■ **Source data**
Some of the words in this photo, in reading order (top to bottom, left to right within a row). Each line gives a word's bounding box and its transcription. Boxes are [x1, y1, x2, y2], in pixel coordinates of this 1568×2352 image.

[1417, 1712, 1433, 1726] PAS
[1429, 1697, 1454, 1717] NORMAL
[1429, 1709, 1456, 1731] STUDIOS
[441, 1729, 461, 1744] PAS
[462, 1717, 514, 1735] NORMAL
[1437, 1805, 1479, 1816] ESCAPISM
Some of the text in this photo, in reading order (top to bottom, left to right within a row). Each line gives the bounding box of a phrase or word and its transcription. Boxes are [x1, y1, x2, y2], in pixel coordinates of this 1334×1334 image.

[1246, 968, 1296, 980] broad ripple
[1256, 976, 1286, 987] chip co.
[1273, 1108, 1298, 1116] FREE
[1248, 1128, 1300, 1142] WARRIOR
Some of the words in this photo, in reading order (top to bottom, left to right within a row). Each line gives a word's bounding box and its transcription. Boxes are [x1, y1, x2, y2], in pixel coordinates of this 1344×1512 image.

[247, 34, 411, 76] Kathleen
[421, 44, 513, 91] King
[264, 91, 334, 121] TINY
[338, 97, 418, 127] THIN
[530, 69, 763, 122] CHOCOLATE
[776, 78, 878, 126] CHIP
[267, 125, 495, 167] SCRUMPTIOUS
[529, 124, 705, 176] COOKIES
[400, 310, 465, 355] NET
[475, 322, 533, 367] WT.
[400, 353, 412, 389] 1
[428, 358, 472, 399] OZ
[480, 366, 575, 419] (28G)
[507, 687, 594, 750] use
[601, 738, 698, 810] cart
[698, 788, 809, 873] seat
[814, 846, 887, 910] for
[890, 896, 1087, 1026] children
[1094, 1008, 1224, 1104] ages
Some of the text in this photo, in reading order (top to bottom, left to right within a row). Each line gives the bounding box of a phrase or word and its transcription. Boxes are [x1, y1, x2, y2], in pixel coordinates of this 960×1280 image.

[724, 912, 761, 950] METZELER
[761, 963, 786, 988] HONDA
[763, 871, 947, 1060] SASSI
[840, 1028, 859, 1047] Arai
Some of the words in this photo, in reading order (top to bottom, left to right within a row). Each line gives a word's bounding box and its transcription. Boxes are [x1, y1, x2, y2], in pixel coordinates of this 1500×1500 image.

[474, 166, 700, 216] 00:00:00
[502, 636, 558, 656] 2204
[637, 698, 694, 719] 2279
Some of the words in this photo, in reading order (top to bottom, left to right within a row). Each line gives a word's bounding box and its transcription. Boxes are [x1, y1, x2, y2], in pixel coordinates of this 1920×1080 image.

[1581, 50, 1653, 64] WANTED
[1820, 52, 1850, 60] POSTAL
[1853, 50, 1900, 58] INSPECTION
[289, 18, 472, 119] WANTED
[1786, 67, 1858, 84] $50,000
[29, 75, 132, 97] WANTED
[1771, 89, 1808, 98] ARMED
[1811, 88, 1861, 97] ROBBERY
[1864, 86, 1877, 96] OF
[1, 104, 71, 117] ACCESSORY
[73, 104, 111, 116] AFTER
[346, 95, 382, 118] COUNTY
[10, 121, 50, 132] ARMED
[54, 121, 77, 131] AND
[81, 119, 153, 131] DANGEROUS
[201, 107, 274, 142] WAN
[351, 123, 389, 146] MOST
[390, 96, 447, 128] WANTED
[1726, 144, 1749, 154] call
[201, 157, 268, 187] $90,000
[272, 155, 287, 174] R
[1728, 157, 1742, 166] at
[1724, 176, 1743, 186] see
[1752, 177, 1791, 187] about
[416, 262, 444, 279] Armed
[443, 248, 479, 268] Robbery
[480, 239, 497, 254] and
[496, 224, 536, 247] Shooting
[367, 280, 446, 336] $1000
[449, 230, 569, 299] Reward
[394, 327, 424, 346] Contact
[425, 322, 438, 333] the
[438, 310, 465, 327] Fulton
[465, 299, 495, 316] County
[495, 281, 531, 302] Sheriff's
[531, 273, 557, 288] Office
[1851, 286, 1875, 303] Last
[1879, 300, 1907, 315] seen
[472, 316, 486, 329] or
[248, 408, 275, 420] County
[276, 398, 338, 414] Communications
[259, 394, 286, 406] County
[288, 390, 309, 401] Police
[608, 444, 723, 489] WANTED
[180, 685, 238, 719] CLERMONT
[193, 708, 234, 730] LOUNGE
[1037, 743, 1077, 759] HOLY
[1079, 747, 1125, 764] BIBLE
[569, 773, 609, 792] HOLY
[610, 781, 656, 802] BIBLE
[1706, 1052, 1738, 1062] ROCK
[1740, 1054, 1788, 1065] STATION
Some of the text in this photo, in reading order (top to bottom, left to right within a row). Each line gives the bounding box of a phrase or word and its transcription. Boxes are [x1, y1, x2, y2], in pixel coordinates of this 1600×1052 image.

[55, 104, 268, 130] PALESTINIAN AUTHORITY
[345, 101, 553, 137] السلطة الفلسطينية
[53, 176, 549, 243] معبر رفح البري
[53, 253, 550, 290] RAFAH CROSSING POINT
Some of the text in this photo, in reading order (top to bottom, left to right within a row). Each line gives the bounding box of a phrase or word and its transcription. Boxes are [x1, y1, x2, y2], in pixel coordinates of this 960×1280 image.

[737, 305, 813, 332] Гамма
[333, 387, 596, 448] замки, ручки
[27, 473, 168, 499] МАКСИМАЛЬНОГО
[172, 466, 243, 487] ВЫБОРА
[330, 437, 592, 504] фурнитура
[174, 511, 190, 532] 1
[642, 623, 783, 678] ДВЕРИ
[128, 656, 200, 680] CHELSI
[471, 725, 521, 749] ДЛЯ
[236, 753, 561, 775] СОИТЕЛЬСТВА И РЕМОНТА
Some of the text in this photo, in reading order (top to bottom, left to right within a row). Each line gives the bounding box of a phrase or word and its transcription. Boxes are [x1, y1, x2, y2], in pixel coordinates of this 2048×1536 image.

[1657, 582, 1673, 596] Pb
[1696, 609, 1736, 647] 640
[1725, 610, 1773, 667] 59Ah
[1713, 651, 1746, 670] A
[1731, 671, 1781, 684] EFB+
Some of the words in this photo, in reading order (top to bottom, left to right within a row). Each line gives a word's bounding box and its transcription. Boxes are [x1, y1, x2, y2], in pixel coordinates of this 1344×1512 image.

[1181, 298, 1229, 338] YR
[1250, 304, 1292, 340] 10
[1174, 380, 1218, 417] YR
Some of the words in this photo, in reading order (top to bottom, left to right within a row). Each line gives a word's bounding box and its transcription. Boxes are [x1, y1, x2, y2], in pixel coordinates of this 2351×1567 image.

■ **Action item**
Output all of the data in full, exactly as given.

■ **Response box**
Some of the words in this photo, in reading order (top to bottom, left to right within a row). Each line gives a word's bounding box and its transcription. Boxes are [x1, y1, x2, y2], in pixel coordinates of this 1568×2352 image.

[1417, 1712, 1433, 1726] PAS
[1429, 1697, 1454, 1717] NORMAL
[1429, 1709, 1456, 1731] STUDIOS
[441, 1729, 461, 1744] PAS
[462, 1717, 514, 1735] NORMAL
[1437, 1805, 1479, 1816] ESCAPISM
Some of the text in this photo, in reading order (top to bottom, left to right within a row). Each line gives the bounding box of a phrase or word and its transcription. Boxes are [x1, y1, x2, y2], in pixel coordinates of this 1334×1334 image.

[1246, 968, 1296, 980] broad ripple
[1256, 976, 1286, 987] chip co.
[1273, 1108, 1298, 1116] FREE
[1248, 1128, 1300, 1142] WARRIOR
Some of the words in this photo, in reading order (top to bottom, left to right within a row). Each line gives a word's bounding box and its transcription. Boxes are [x1, y1, x2, y2], in pixel coordinates of this 1344×1512 image.

[247, 34, 411, 76] Kathleen
[421, 44, 513, 91] King
[264, 91, 334, 121] TINY
[338, 97, 418, 127] THIN
[530, 69, 763, 122] CHOCOLATE
[776, 78, 878, 126] CHIP
[267, 125, 495, 167] SCRUMPTIOUS
[529, 124, 705, 176] COOKIES
[400, 310, 465, 355] NET
[475, 322, 533, 367] WT.
[400, 353, 412, 389] 1
[428, 358, 472, 399] OZ
[480, 366, 575, 419] (28G)
[507, 687, 594, 750] use
[601, 738, 698, 810] cart
[698, 788, 809, 873] seat
[814, 846, 887, 910] for
[890, 896, 1087, 1026] children
[1094, 1008, 1224, 1104] ages
Some of the text in this photo, in reading order (top to bottom, left to right within a row). Each line gives the bounding box of a phrase or word and its transcription. Boxes are [x1, y1, x2, y2], in pixel coordinates of this 960×1280 image.

[724, 912, 761, 950] METZELER
[761, 963, 786, 988] HONDA
[763, 871, 947, 1060] SASSI
[840, 1028, 859, 1047] Arai
Some of the words in this photo, in reading order (top to bottom, left to right within a row). Each line gives a word's bounding box and its transcription. Boxes are [x1, y1, x2, y2], in pixel coordinates of this 1500×1500 image.

[474, 166, 700, 216] 00:00:00
[502, 636, 558, 656] 2204
[637, 698, 694, 719] 2279
Some of the words in this photo, in reading order (top to bottom, left to right within a row). Each line gives a word's bounding box and its transcription. Boxes are [x1, y1, x2, y2], in pixel coordinates of this 1920×1080 image.

[1581, 50, 1653, 64] WANTED
[1820, 52, 1850, 60] POSTAL
[1853, 50, 1900, 58] INSPECTION
[289, 18, 472, 119] WANTED
[1786, 67, 1858, 84] $50,000
[29, 75, 132, 97] WANTED
[1771, 89, 1808, 98] ARMED
[1811, 88, 1861, 97] ROBBERY
[1864, 86, 1877, 96] OF
[1, 104, 71, 117] ACCESSORY
[73, 104, 111, 116] AFTER
[346, 95, 382, 118] COUNTY
[10, 121, 50, 132] ARMED
[54, 121, 77, 131] AND
[81, 119, 153, 131] DANGEROUS
[201, 107, 274, 142] WAN
[351, 123, 389, 146] MOST
[390, 96, 447, 128] WANTED
[1726, 144, 1749, 154] call
[201, 157, 268, 187] $90,000
[272, 155, 287, 174] R
[1728, 157, 1742, 166] at
[1724, 176, 1743, 186] see
[1752, 177, 1791, 187] about
[416, 262, 444, 279] Armed
[443, 248, 479, 268] Robbery
[480, 239, 497, 254] and
[496, 224, 536, 247] Shooting
[367, 280, 446, 336] $1000
[449, 230, 569, 299] Reward
[394, 327, 424, 346] Contact
[425, 322, 438, 333] the
[438, 310, 465, 327] Fulton
[465, 299, 495, 316] County
[495, 281, 531, 302] Sheriff's
[531, 273, 557, 288] Office
[1851, 286, 1875, 303] Last
[1879, 300, 1907, 315] seen
[472, 316, 486, 329] or
[248, 408, 275, 420] County
[276, 398, 338, 414] Communications
[259, 394, 286, 406] County
[288, 390, 309, 401] Police
[608, 444, 723, 489] WANTED
[180, 685, 238, 719] CLERMONT
[193, 708, 234, 730] LOUNGE
[1037, 743, 1077, 759] HOLY
[1079, 747, 1125, 764] BIBLE
[569, 773, 609, 792] HOLY
[610, 781, 656, 802] BIBLE
[1706, 1052, 1738, 1062] ROCK
[1740, 1054, 1788, 1065] STATION
Some of the text in this photo, in reading order (top to bottom, left to right within a row). Each line gives the bounding box of a phrase or word and its transcription. Boxes are [x1, y1, x2, y2], in pixel coordinates of this 1600×1052 image.

[55, 104, 268, 130] PALESTINIAN AUTHORITY
[345, 101, 553, 137] السلطة الفلسطينية
[53, 176, 549, 243] معبر رفح البري
[53, 253, 550, 290] RAFAH CROSSING POINT
Some of the text in this photo, in reading order (top to bottom, left to right within a row). Each line gives the bounding box of a phrase or word and its transcription. Boxes are [x1, y1, x2, y2], in pixel coordinates of this 960×1280 image.

[737, 305, 813, 332] Гамма
[333, 387, 596, 448] замки, ручки
[27, 473, 168, 499] МАКСИМАЛЬНОГО
[172, 466, 243, 487] ВЫБОРА
[330, 437, 592, 504] фурнитура
[174, 511, 190, 532] 1
[642, 623, 783, 678] ДВЕРИ
[128, 656, 200, 680] CHELSI
[471, 725, 521, 749] ДЛЯ
[236, 753, 561, 775] СОИТЕЛЬСТВА И РЕМОНТА
Some of the text in this photo, in reading order (top to bottom, left to right within a row). Each line gives the bounding box of a phrase or word and its transcription. Boxes are [x1, y1, x2, y2], in pixel coordinates of this 2048×1536 image.

[1657, 582, 1673, 596] Pb
[1696, 609, 1736, 647] 640
[1725, 610, 1773, 667] 59Ah
[1713, 651, 1746, 670] A
[1731, 671, 1781, 684] EFB+
Some of the words in this photo, in reading order (top to bottom, left to right within a row). Each line gives a word's bounding box and its transcription. Boxes are [x1, y1, x2, y2], in pixel coordinates of this 1344×1512 image.

[1181, 298, 1229, 338] YR
[1250, 304, 1292, 340] 10
[1174, 380, 1218, 417] YR
Some of the words in this photo, in reading order (top to bottom, left to right within a row). Each line gives a word's bounding box and its transcription. Boxes are [x1, y1, x2, y2], in pixel coordinates of this 2351×1567 image.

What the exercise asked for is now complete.